Kenny Dalglish...(What? It's NOT Kenny Dalglish?) er... MICKIE JAMES! |
Another friend of mine, who should go nameless but instead I’ll call ‘George Lister’ for it is he, once wrote me, ‘I used to have the hugest respect for you until you said you were a wrestling fan.’ And I understand that. I used to feel that way too, until it dawned on me that wrestlers were the greatest actors of our, or any other, age. All actors are storytellers basically, but the wrestlers must tell a story, not with words or cut/retake/cut/print but with physicality that all too often involves muscle tears, broken bones, bruises always and a life in motels 250 nights a year. You want to talk commitment to your art or craft? Now that’s commitment!

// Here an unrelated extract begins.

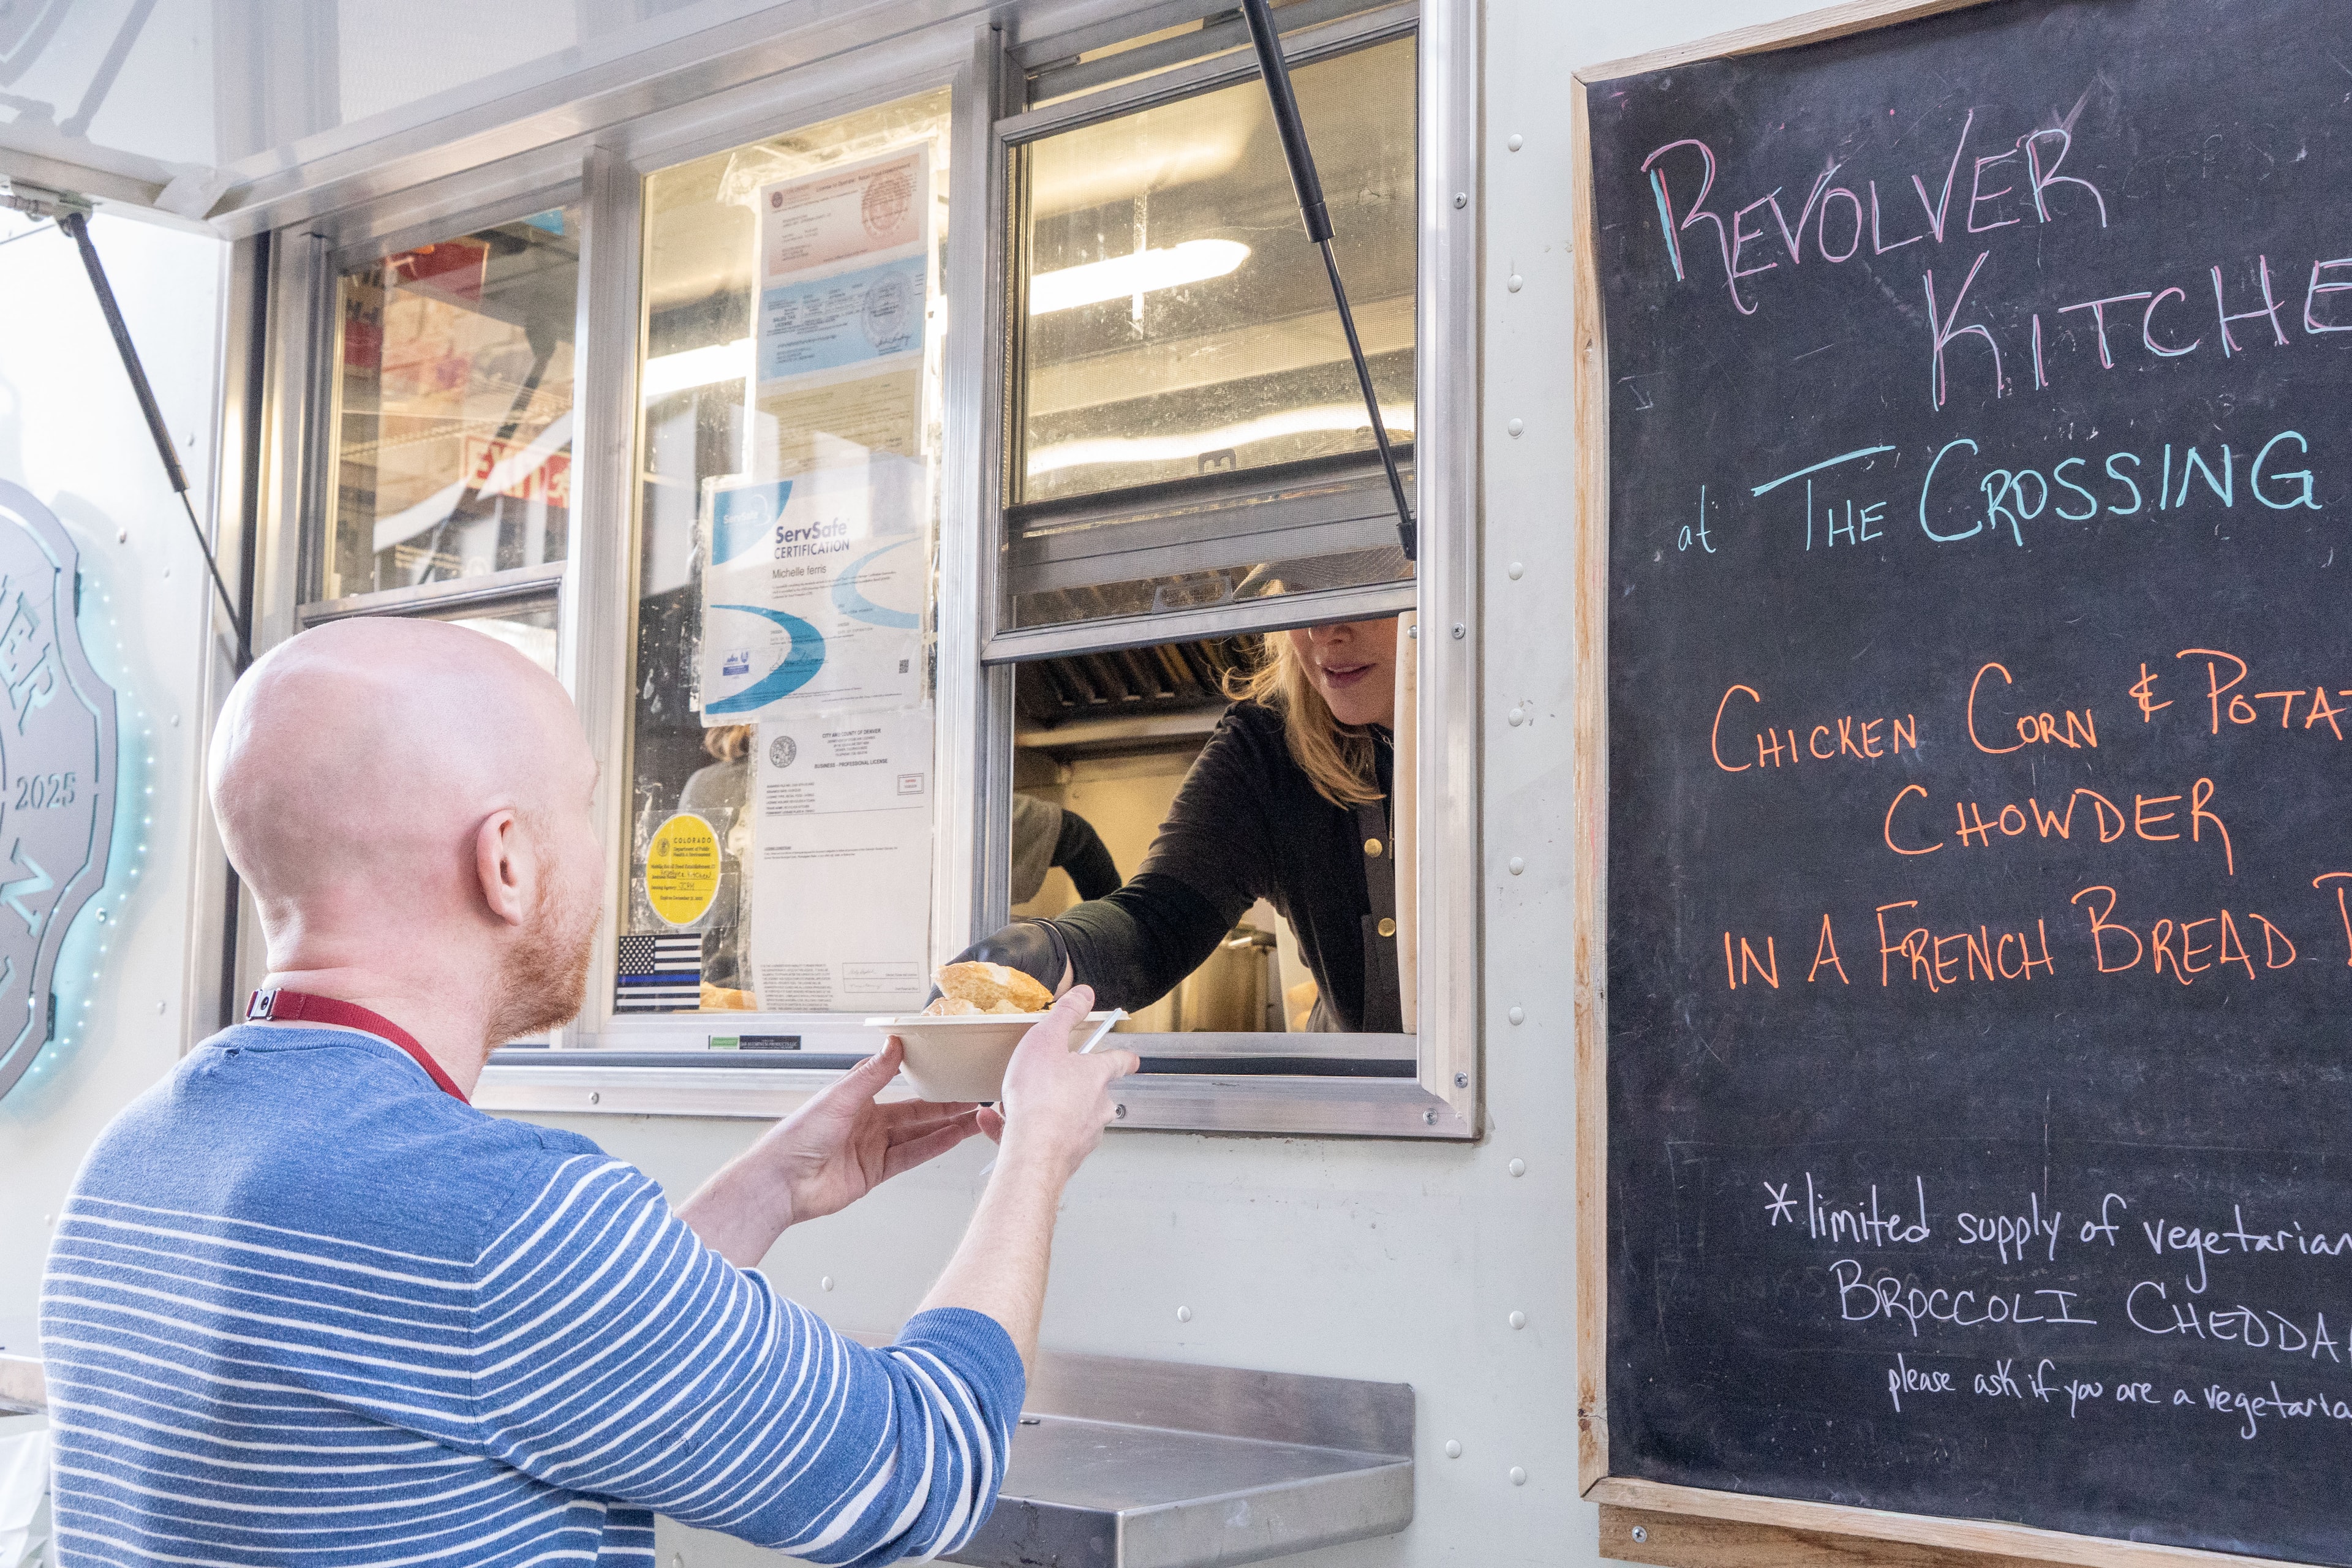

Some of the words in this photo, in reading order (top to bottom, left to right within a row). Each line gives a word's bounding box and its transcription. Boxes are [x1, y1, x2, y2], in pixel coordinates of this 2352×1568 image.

This is also why I’m pleased to fill you in on the latest project of Mickie James, whom we wrote about in an earlier column. Mickie, a former WWE champion and currently the top babyface female wrestler in TNA Impact, is ready to release a new album of her own songs. Here’s the cool part: you can be the Executive Producer of this album. You? Yes you. The album (and Mickie is a very, very good singer who I would love to see at our 2012 Blues Festival in Thunder Bay) is being partially funded by fans. Smart idea. $25 gets you a thank you in the liner notes …$2500 gets you a concert in your living room. You can find the details, and a smart, sexy and funny video at mickiejames.com
But all roads lead to Liverpool, which is a lurching transition but the best this Inch-Eater can do. Depending on the status of the UK riots, the Premier League in footie may or may not kick off this weekend, at the time of this writing. If and when it does, the title battle will likely boil down to a tilt between the Evil Mancs of Machester United or the Lovable Doofus Mancs of Manchester City. But...my heart is with Anfield where Kenny Dalglish returns for his first full season as manager of Liverpool since 1990. Dalglish, or King Kenny as he was known in his playing days, is everything a modern athlete should be and so rarely is: skilled, forceful, gracious in victory or defeat, but above all joyful. A grown man playing or managing a kids’ game should be unafraid to let the kid appear. With a classic Number 9 brute forward in Andy Carroll and the Copa Americana MVP Luis Suarez leading my Reds’ front line, we have hope. And do you know what the beauty of hope is?
You’ll Never Walk Alone. Be seeing you.